International Credentials
How to Verify a Foreign Degree or International Credential
Verifying a degree from outside the United States requires two separate checks: confirming the foreign institution is legitimate and recognized by its home country's education authorities, and obtaining a credential evaluation that translates the foreign qualification into a US equivalent. Both steps are necessary. A credential evaluation from a legitimate evaluator on a fraudulent degree is worthless. Here is how to do both correctly.
Key takeaway
Foreign degree verification has two required steps: (1) confirm the institution is recognized by its home country's ministry of education or quality assurance body — use UNESCO's World Higher Education Database (WHED), the country's own database, or a NACES-member evaluation service's research; and (2) obtain a credential evaluation from a NACES-member service to establish the US equivalent. Do not accept a degree at face value because it comes with an impressive-looking document.
Step 1: Verify the foreign institution is legitimate
Before assessing the degree itself, confirm the institution exists and is recognized by the relevant national education authority. An unrecognized foreign institution is the international equivalent of a diploma mill — the degree it issues carries no standing with US employers, licensing boards, or graduate programs.
UNESCO World Higher Education Database (WHED)
The UNESCO World Higher Education Database (WHED) at whed.net is the most comprehensive global reference for recognized higher education institutions. It covers over 19,000 institutions in 180+ countries. Search by institution name or country to confirm:
- The institution exists and is recognized by its national authority
- The type of degrees the institution is authorized to award
- The institution's location and national accreditation body
If an institution is not found in WHED, that is a significant red flag. It does not automatically mean the degree is fraudulent — some legitimate institutions are not in WHED, particularly newer institutions or those in countries with limited WHED coverage — but it warrants additional verification against the country's own database.

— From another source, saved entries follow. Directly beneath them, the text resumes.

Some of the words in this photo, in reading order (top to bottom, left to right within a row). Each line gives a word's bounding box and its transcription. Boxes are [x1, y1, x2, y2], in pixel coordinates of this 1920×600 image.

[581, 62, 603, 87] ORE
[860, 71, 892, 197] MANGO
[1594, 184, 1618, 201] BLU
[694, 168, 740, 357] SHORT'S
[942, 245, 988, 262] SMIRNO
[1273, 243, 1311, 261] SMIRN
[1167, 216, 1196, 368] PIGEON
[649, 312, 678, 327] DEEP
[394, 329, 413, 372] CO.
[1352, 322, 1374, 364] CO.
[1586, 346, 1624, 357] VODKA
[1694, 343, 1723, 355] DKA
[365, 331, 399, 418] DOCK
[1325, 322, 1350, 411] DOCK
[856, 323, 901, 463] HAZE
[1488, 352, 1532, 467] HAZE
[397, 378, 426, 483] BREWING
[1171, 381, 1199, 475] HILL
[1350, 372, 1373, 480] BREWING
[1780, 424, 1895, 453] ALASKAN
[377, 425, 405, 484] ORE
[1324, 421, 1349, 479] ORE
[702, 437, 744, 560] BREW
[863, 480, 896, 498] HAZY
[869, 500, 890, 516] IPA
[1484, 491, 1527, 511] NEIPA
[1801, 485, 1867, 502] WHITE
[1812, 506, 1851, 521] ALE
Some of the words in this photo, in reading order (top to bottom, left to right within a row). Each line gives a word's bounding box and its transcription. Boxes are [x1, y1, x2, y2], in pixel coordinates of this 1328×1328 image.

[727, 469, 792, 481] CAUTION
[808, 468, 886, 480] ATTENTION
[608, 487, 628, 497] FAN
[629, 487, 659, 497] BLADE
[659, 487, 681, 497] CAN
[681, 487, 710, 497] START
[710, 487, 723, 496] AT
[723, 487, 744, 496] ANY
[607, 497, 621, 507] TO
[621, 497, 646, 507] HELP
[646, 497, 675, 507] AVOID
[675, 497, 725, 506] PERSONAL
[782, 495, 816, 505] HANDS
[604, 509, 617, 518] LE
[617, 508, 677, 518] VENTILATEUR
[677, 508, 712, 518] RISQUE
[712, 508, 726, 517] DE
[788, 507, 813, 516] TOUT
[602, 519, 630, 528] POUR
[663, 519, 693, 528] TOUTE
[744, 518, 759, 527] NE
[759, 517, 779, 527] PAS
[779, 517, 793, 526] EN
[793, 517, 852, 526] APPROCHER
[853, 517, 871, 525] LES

Country-specific recognition databases
For the most reliable verification, go directly to the national database for the institution's country:
| Country | Verification source |
|---|---|
| United Kingdom | UK Register of Learning Providers (UKRLP) + Recognised Bodies list (gov.uk) |
| Canada | Provincial ministry of education (education is provincially governed in Canada) |
| Australia | Australian Qualifications Framework (AQF) + TEQSA National Register (teqsa.gov.au) |
| India | University Grants Commission (UGC) approved university list (ugc.ac.in) |
| China | Ministry of Education degree and student information (chsi.com.cn) |
| Germany | ANABIN database of foreign education systems (anabin.kmk.org) |
| Philippines | Commission on Higher Education (CHED) recognized institutions (ched.gov.ph) |
| Nigeria | National Universities Commission (NUC) approved institutions (nuc.edu.ng) |
| Mexico | SEP Reconocimiento de Validez Oficial de Estudios (RVOE) registry |
| South Korea | Korean Education Development Institute (KEDI) university information system |
For countries not listed above, the US Department of State's country education profiles and NACES-member evaluators' research teams can identify the appropriate national authority.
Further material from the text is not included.